Gli alberi del Comune di Padova piantati dove passeranno le rotaie del tram
PADOVA. Cantonata della ditta che sta piantando i 10 mila alberi voluti dall’amministrazione Giordani. Alcuni di questi, infatti, sono stati messi a dimora dove nei prossimi mesi verrà aperto il cantiere per piazzare le nuove rotaie della seconda linea del tram, che andrà dalla stazione a Voltabarozzo. Ad accorgersene sono stati i componenti del comitato contro il tram.
«Lungo il confine con il demanio, nel tratto da via Zacco verso il Ponte di Voltabarozzo, è stato messo un lungo nuovo filare di alberi – scrive uno di loro sulla pagina Facebook del comitato – Li stanno piantando proprio dove sarà avviato un macro cantiere per il Sir3, per poi costruire il nuovo ponte per il passaggio del tram».

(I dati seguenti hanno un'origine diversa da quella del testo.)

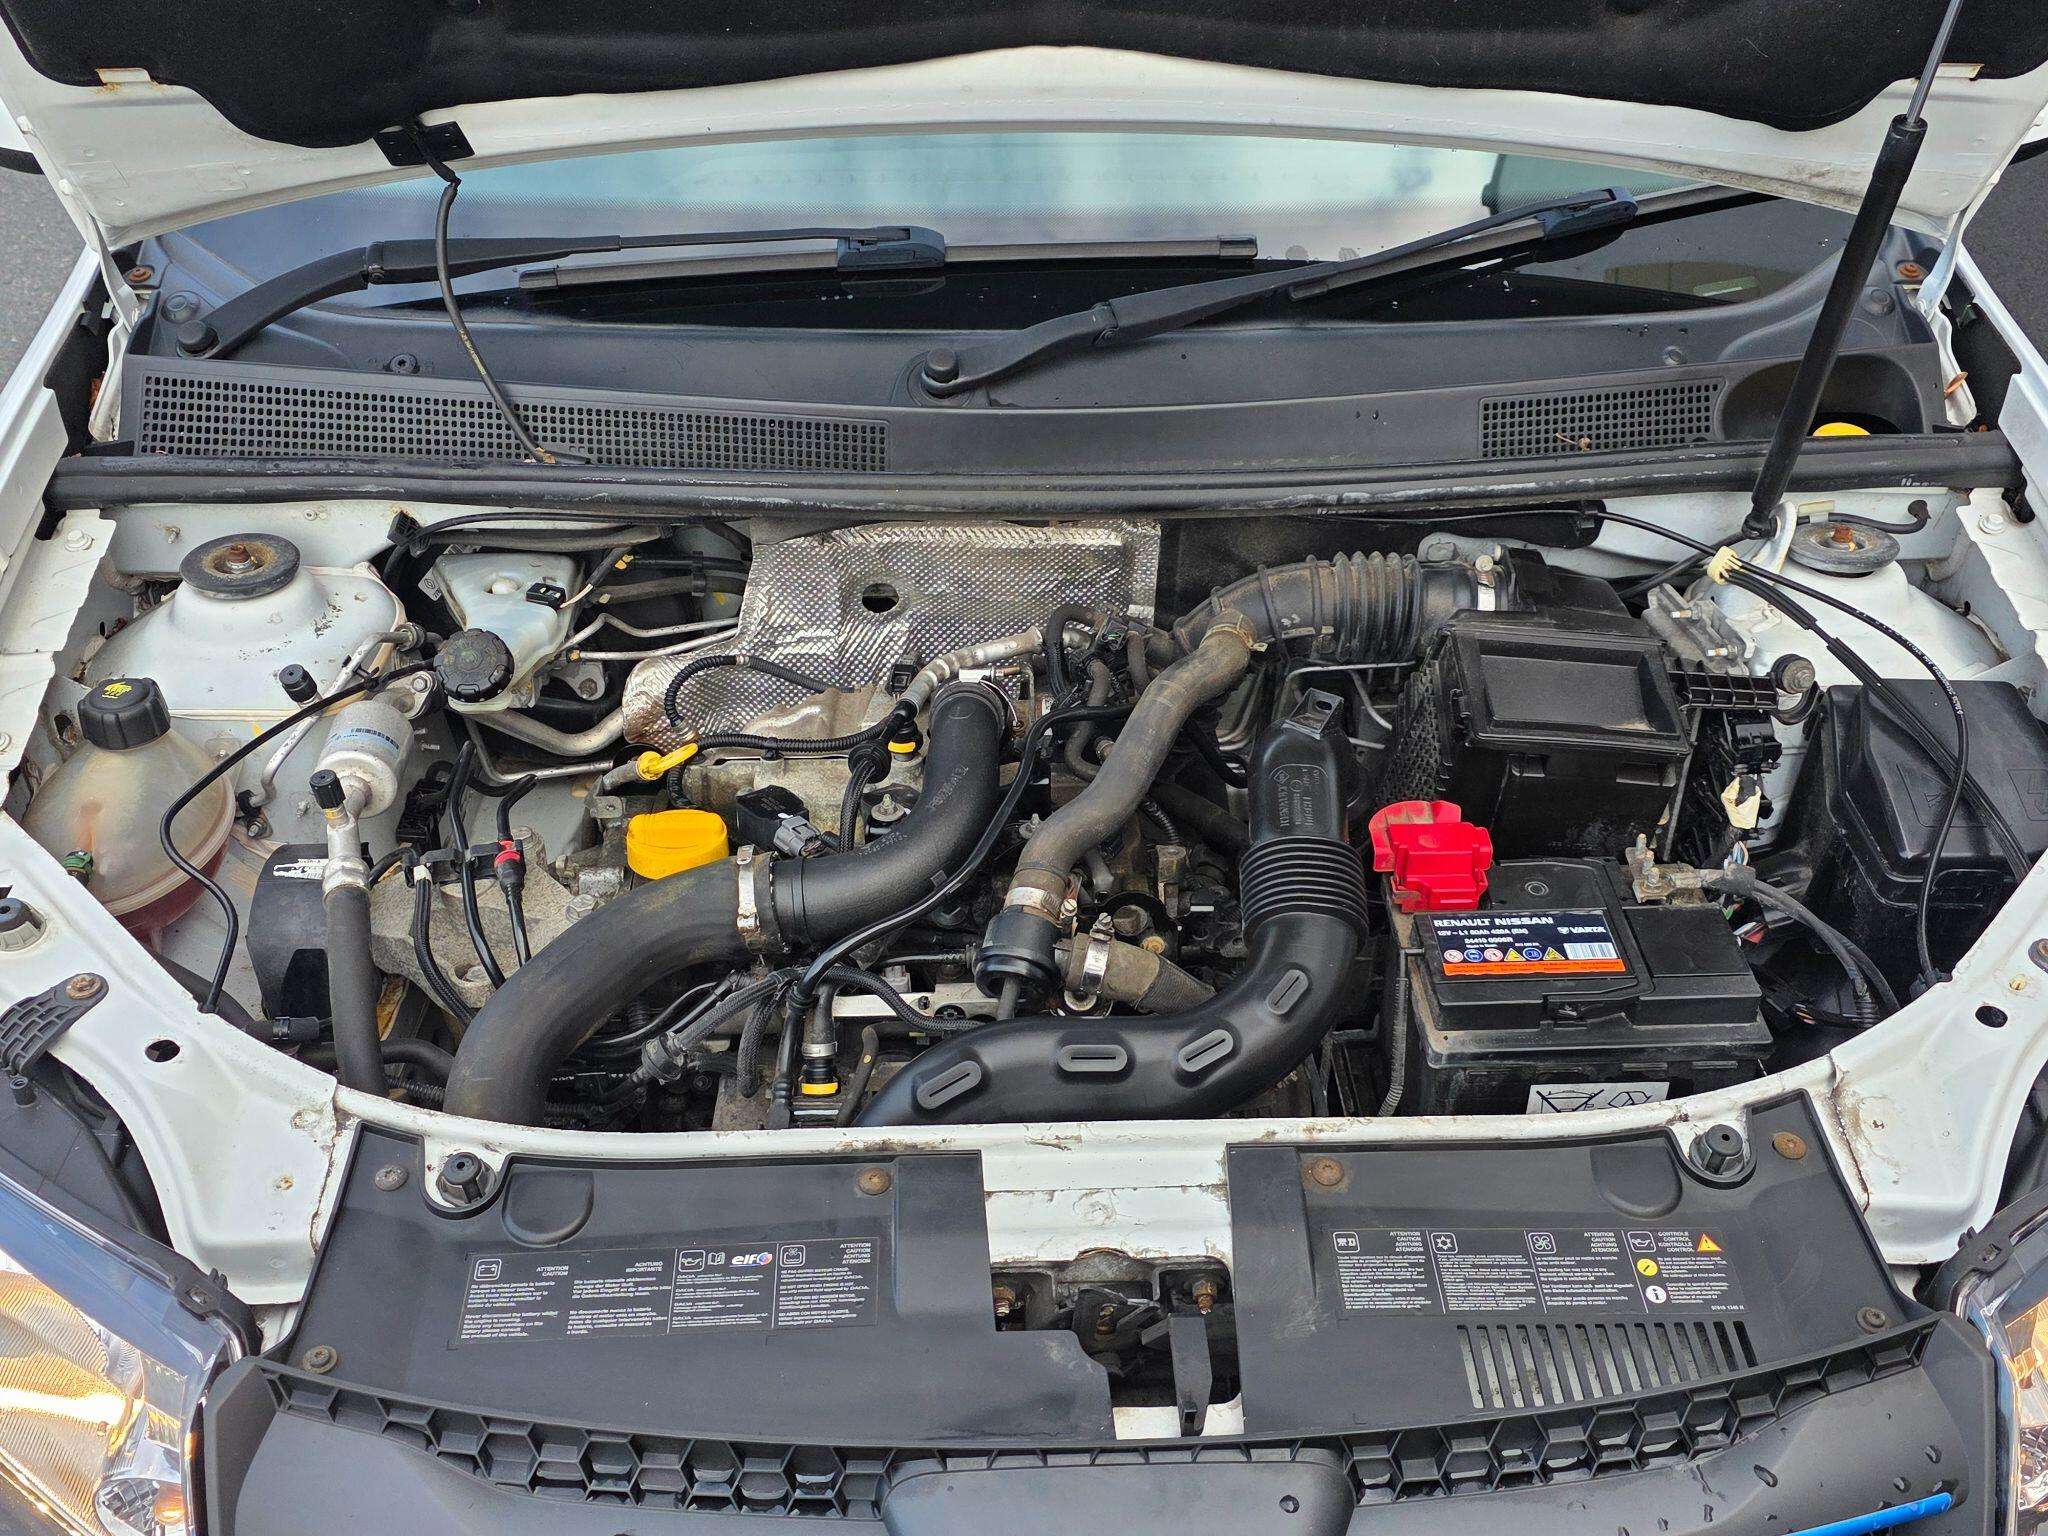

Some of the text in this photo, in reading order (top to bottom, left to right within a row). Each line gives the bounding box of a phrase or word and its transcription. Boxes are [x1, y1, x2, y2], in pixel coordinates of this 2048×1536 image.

[1433, 917, 1554, 927] RENAULT NISSAN
[1569, 926, 1606, 934] VARTA
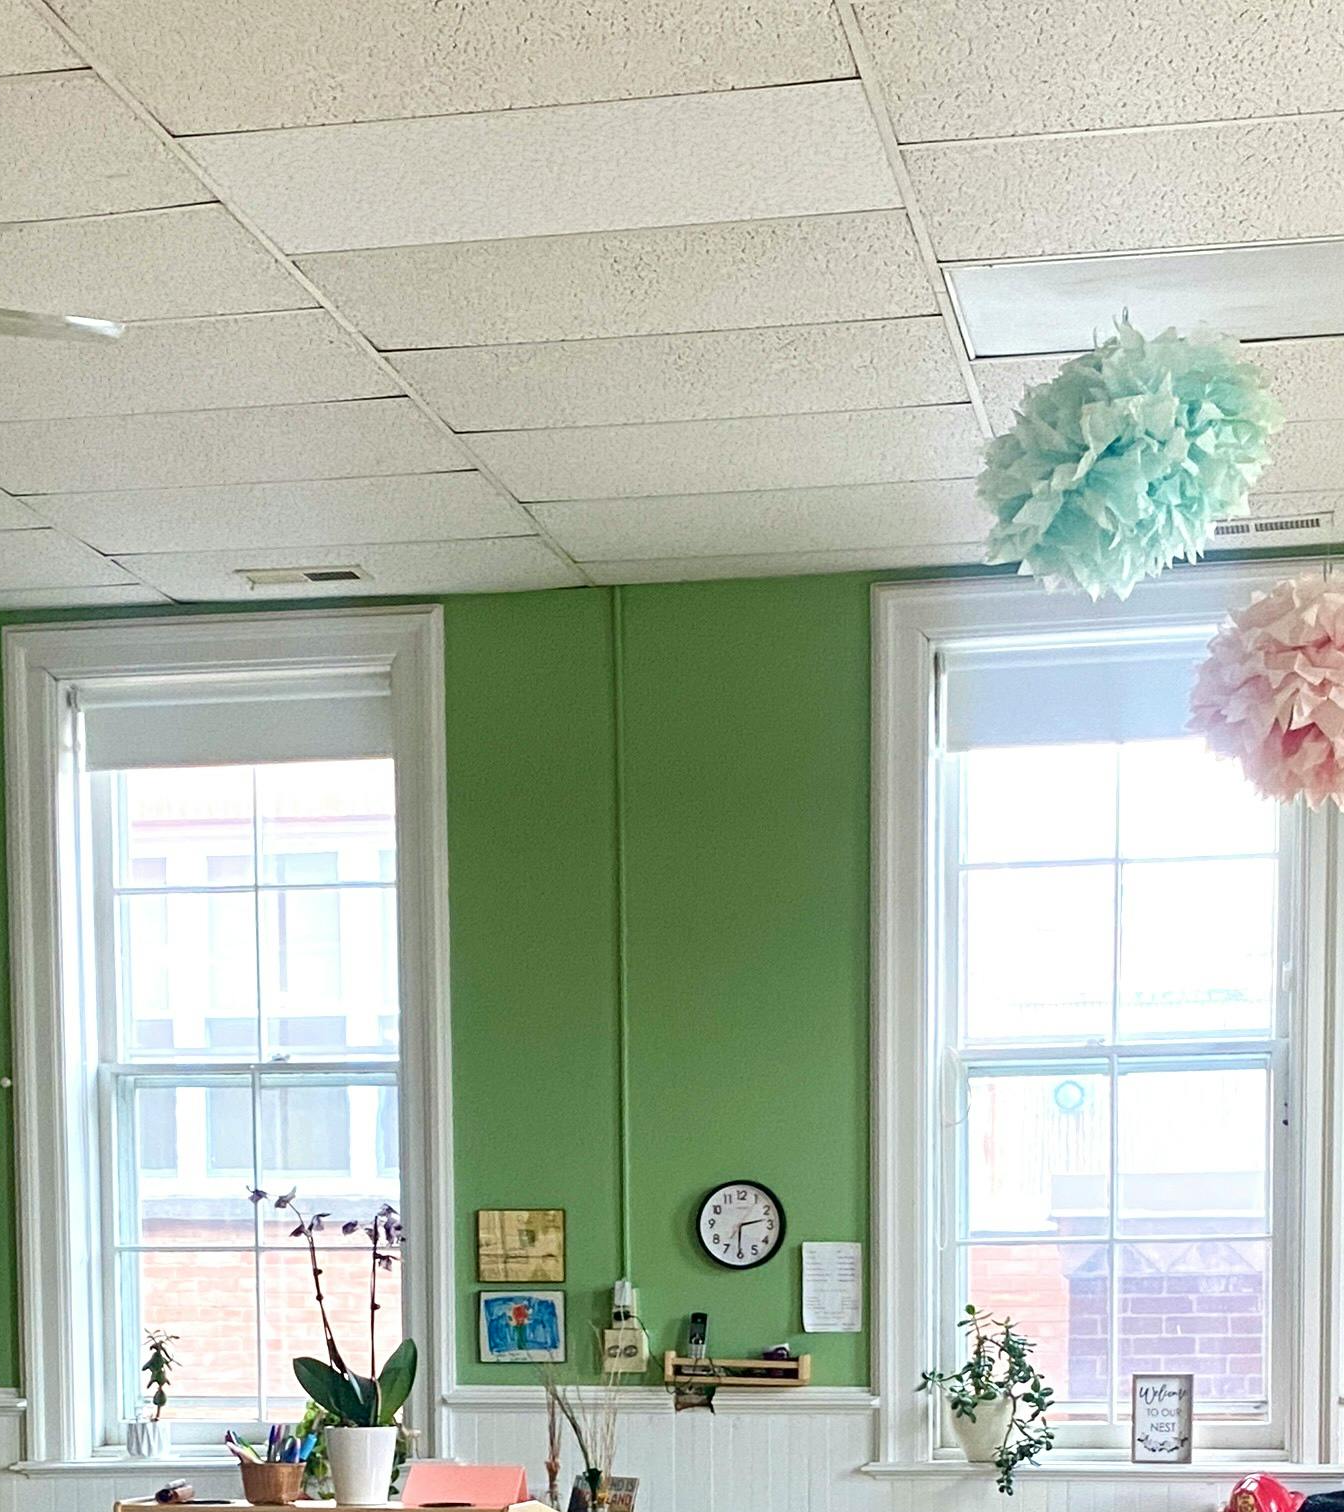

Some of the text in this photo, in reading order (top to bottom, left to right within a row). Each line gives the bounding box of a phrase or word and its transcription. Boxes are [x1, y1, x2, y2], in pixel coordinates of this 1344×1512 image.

[723, 1193, 732, 1204] 11
[736, 1190, 748, 1201] 12
[753, 1194, 758, 1204] 1
[712, 1205, 722, 1215] 10
[762, 1205, 771, 1216] 2
[708, 1218, 716, 1229] 9
[766, 1219, 774, 1231] 3
[712, 1233, 720, 1245] 8
[761, 1235, 769, 1245] 4
[723, 1243, 731, 1254] 7
[736, 1247, 744, 1259] 6
[751, 1244, 759, 1256] 5
[1146, 1408, 1182, 1418] TO OUR
[1150, 1422, 1176, 1433] NEST

«Quindi, non solo dovranno abbattere circa cento alberi lungo il percorso stazione-Voltabarozzo, ma ora ne vorrebbero piantare altri, forse per propaganda o per promuovere piantumazioni inutili. Come quelle del “Bosco di Voltabarozzo” in via Zacco che sembra una morente area con stecchi di fusto mai cresciuti e visivamente penosi ma spacciati per un bosco».
«Tutto questo per poi abbatterli nuovamente? Perché non piantarli altrove, senza poi doverli abbattere e così contribuendo all’assorbimento delle emissioni di anidride carbonica. E a quanto ammonterebbe la spesa per noi padovani, per piantumazioni da rimuovere nel breve periodo?».
L’amministrazione ha ammesso subito l’errore: «Ringraziamo il comitato per la segnalazione – replica l’assessora all’ambiente, Chiara Gallani –. Stiamo piantando 10 mila alberi e può essere che ci sia qualche errore di posizionamento. Sono una decina di piante che sposteremo in un altro luogo facilmente, senza spese aggiuntive per i cittadini. Quanto agli stecchi dei boschi urbani stanno crescendo bene e in primavera con le nuove foglie, saranno più rigogliosi, come tutte le piante forestali in crescita».
Già lunedì quindi gli operai della ditta che si sta occupando di una delle più grandi piantumazioni viste in una città, dovranno recuperare la gaffe e trovare un’altra area dove posizionarli. L’operazione 10 mila alberi è partita a novembre dal parco Roncajette.
Circa 1.700 sono già stati piantati, soprattutto nei giardini delle scuole, ma entro l’anno saranno tutti al loro nuovo posto – in prevalenza adulti, di 83 specie diverse – e cambieranno il volto di Padova, rendendola più verde e più resistente ai cambiamenti climatici.
Un progetto da 3 milioni di euro che coinvolgerà ben 536 aree, con l’obiettivo di ridurre a –2, 7 milioni di chili di Co2 l’anno in atmosfera. Sul tram invece si attende l’esito della gara per aggiudicare i lavori e iniziarli.
Le procedure sono state accelerate ma anche garantite dal Pnrr, il piano nazionale di ripartenza e resilienza che prevede la chiusura entro il 2026 di tutti i cantieri finanziati. E tra questi c’è il nuovo sistema “Smart”, con le sue 8 linee interscambiabili ricavate da 83, 5 chilometri di monorotaia, per cui sono arrivati 335 milioni di euro. Se però si comincia mettendo già degli ostacoli, la strada potrebbe essere più lunga.